Le fauve de la vente… un diable à l’improviste

Willy Ronis, observateur de génie, est l’un des photographes humanistes les plus marquants du XXe siècle. Si les mouvements de foule ont toujours fasciné cet œil hors du commun,les chats – noirs de préférence – ne le laissaient pas non plus indifférent.

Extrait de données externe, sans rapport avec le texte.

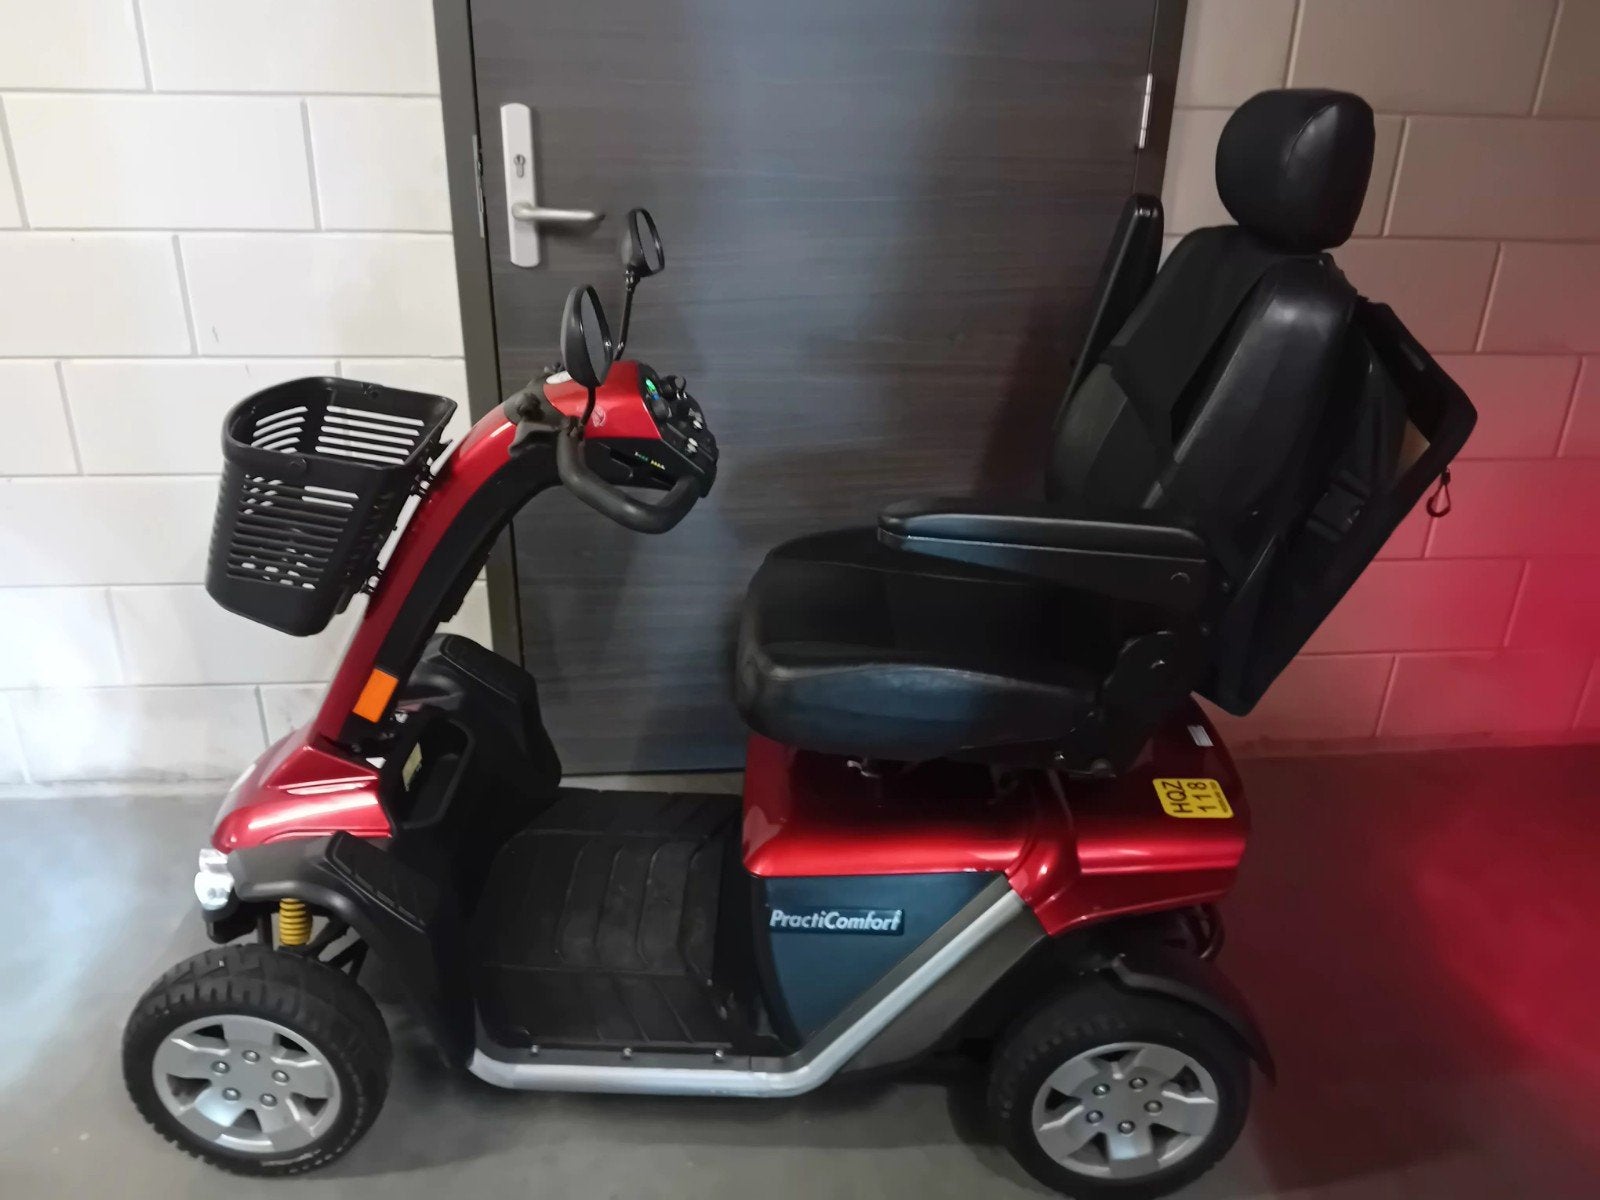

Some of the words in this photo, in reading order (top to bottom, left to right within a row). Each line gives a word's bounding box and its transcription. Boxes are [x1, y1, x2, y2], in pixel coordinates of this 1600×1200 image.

[1161, 780, 1193, 813] HQZ
[1186, 782, 1217, 812] 118
[769, 909, 902, 931] PractiComfort
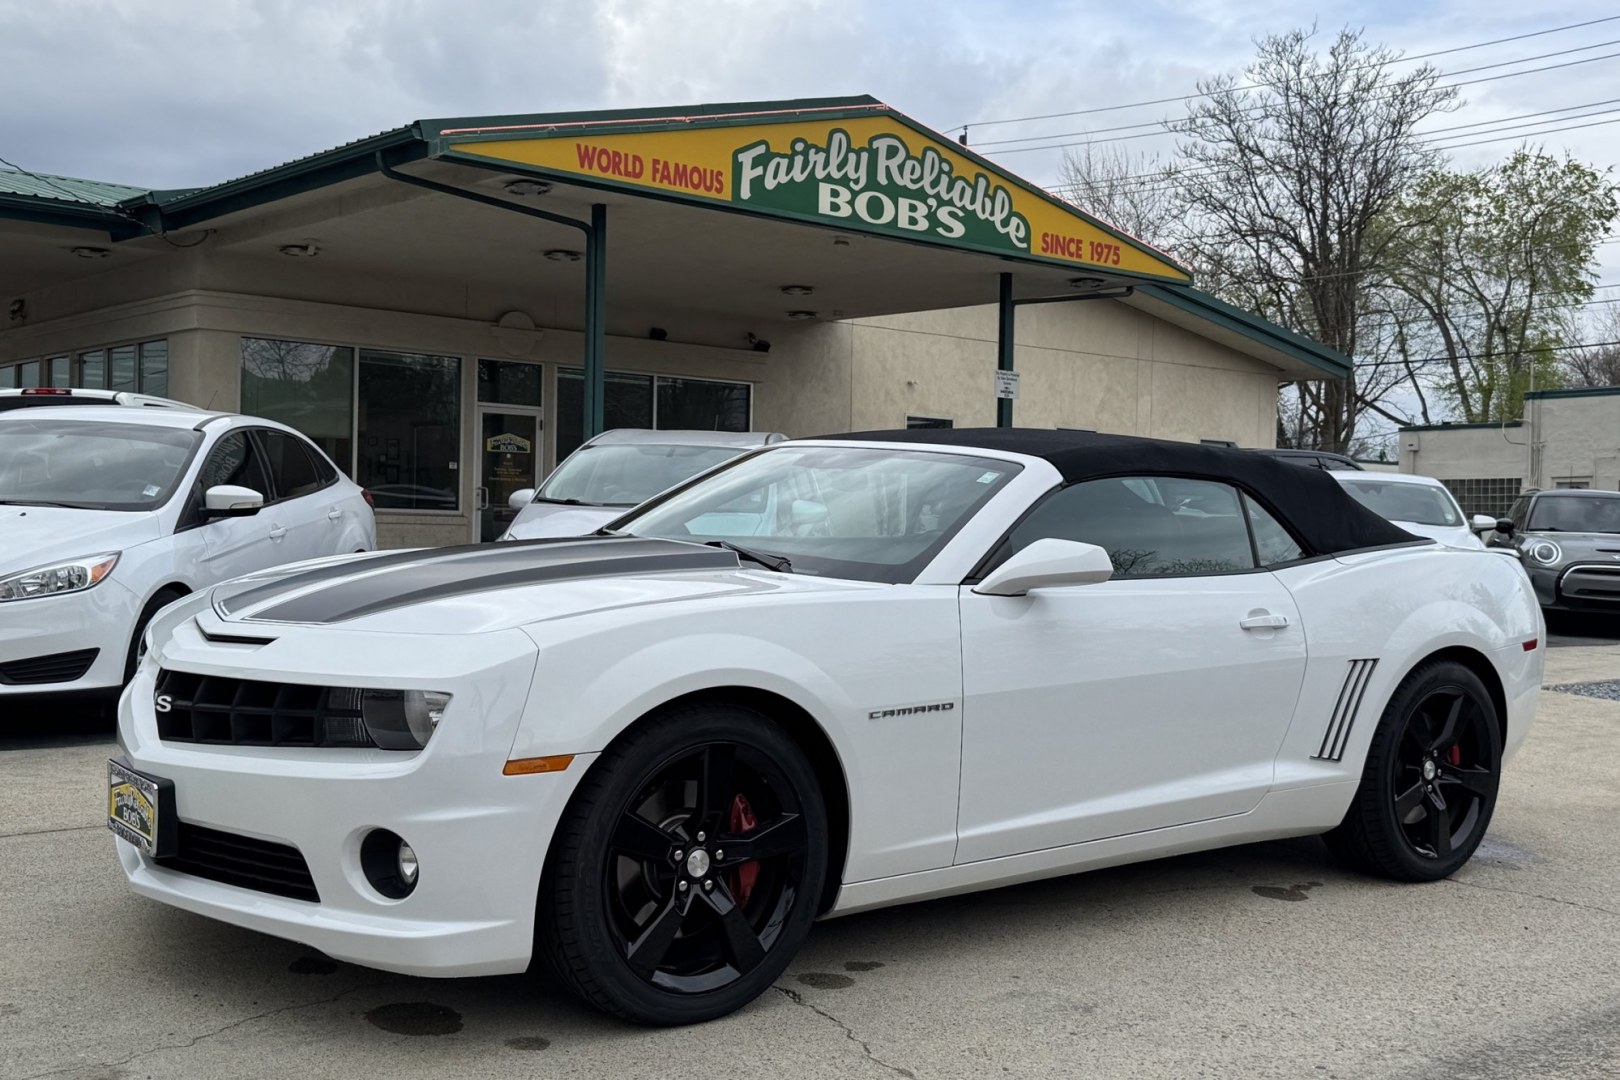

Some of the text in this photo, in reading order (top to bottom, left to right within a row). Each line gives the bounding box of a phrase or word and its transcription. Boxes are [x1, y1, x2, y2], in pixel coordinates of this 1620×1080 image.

[576, 143, 724, 194] WORLD FAMOUS
[738, 131, 1028, 248] Fairly Reliable
[817, 182, 966, 239] BOB'S
[1041, 231, 1121, 266] SINCE 1975
[868, 702, 954, 719] CAMARO
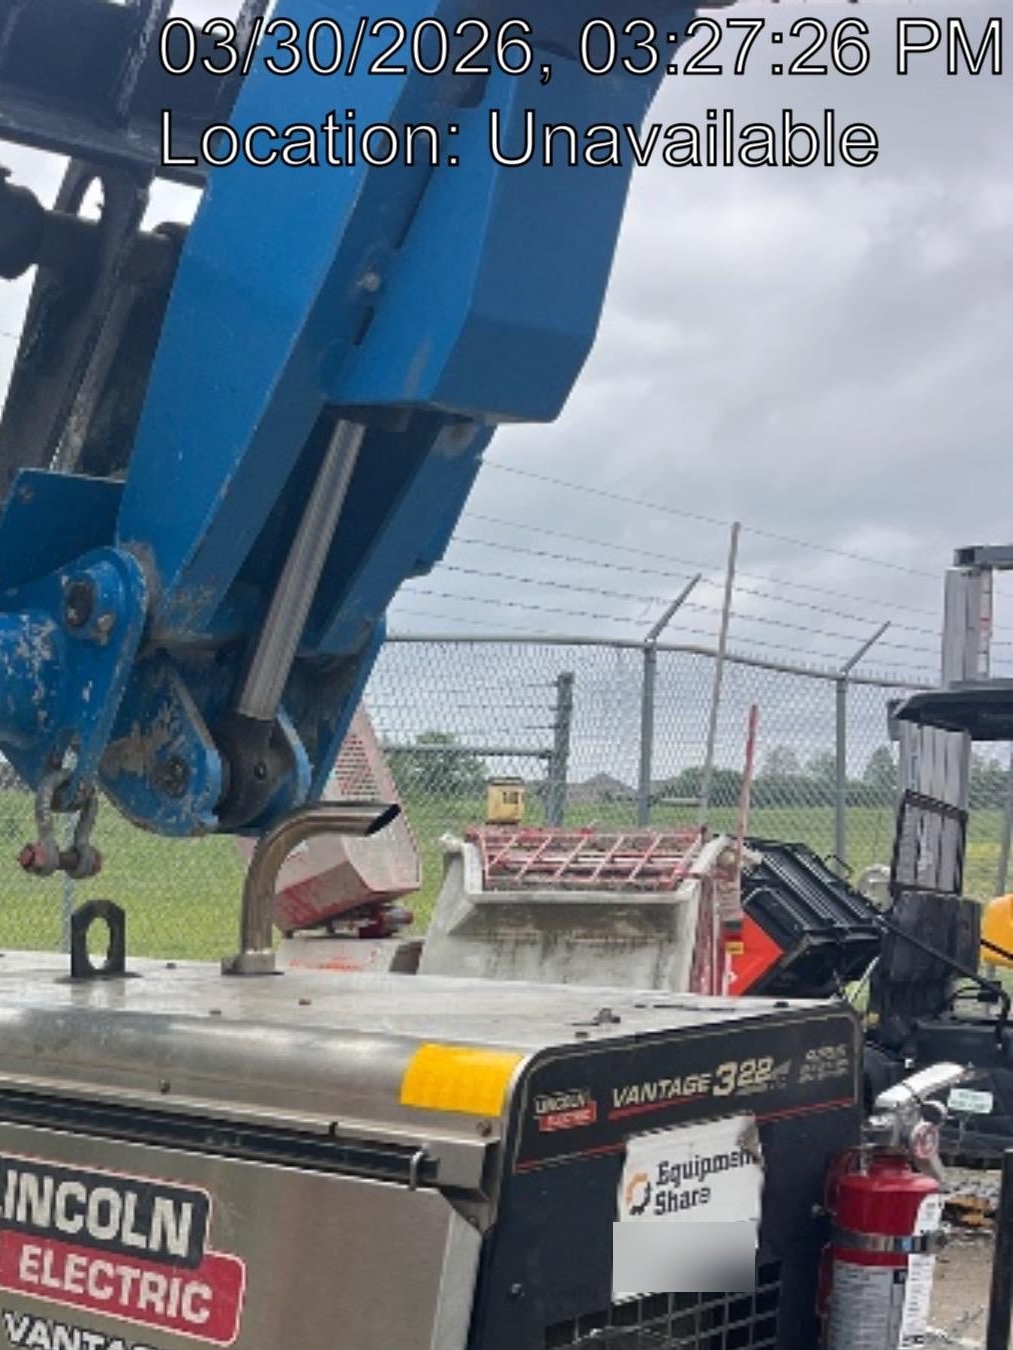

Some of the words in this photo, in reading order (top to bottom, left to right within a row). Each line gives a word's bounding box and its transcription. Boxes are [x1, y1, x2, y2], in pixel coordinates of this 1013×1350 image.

[612, 1073, 712, 1108] VANTAGE
[654, 1187, 711, 1215] Share
[18, 1242, 214, 1325] ELECTRIC
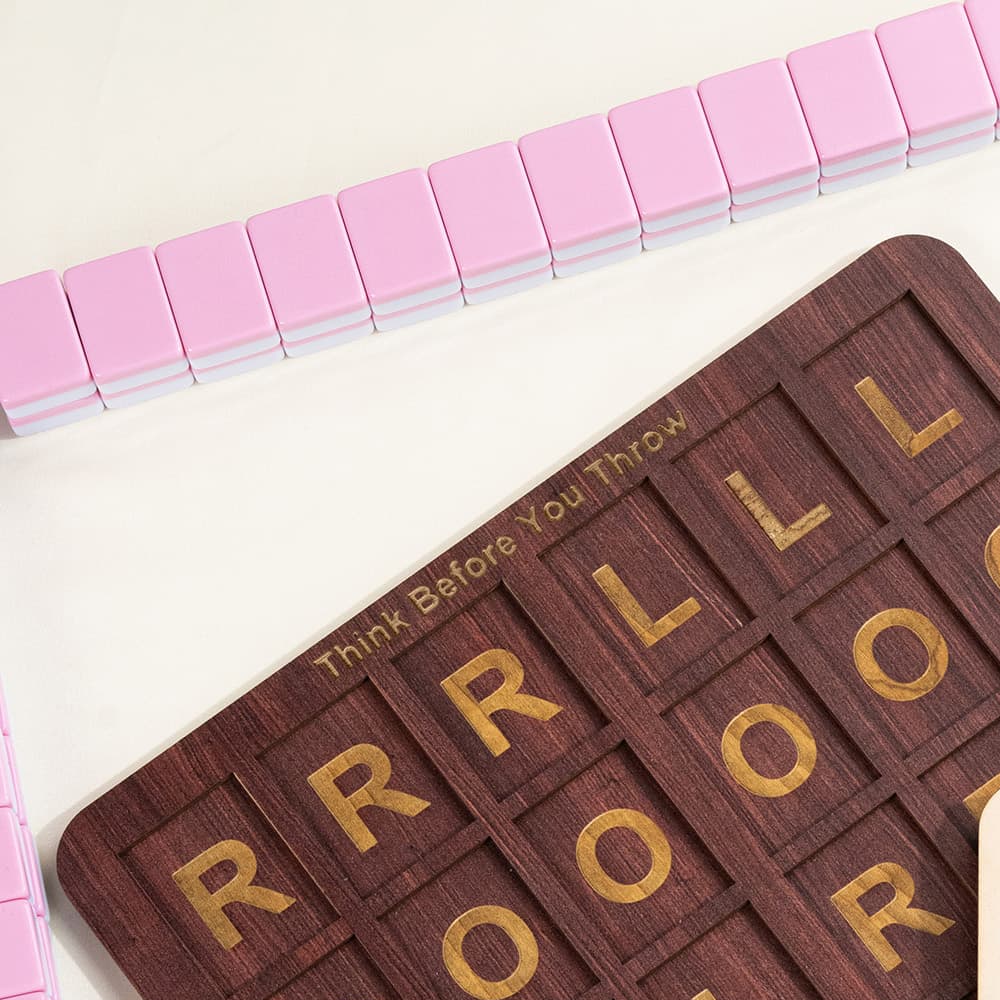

Parfois, l’instant lui est offert. Parfois, Ronis guide le destin. Dans le cas présent, que fait ce petit félin ici ? Et pourquoi cette rencontre entre le photographe et ce chat, sombre et seul, en pleine nature ? Visiblement, le déclic de l’appareil a dérangé l’animal qui, jusque-là, ne se doutait de rien. Si les chats sont dotés de sens extraordinaires, ils n’en demeurent pas moins sensibles à la distraction. Même lorsqu’ils servent, temporairement au besoin, d’incarnation au Diable. Dévié de sa route par le cri d’une sorcière amie, il comprend bien trop tard qu’un photographe le guette.

Le félin le sait bien : le moment n’est jamais anodin et la sorcière doit poursuivre tranquillement ses activités. Doit-elle s’assurer que tout se passe bien lors d’une naissance au sein de son élevage de licornes ? Le chat doit faire le guet. Le photographe ne peut pas passer outre car il risque de surprendre un rituel et d’en trahir les secrets. Que faire ? On n’arrête pas un photographe d’un claquement de griffes ! Surtout un qui ne se laisse arrêter par rien s’il sent une bonne photographie à la clé…

Le Diable ne fait jamais de cadeaux sans contrepartie. Il offre à Ronis le talent très spécial de la capture des nombreux chats noirs qu’il a croisés au cours de sa (très longue) vie de chasseur d’images. En échange, il voile le reste de la pellicule utilisée ce jour-là. Quant au chat, orgueilleux et narcissique, il préfère garder l’attention fixée sur lui. Voilà pourquoi nous avons manqué un magnifique reportage sur les sorcières… et les licornes.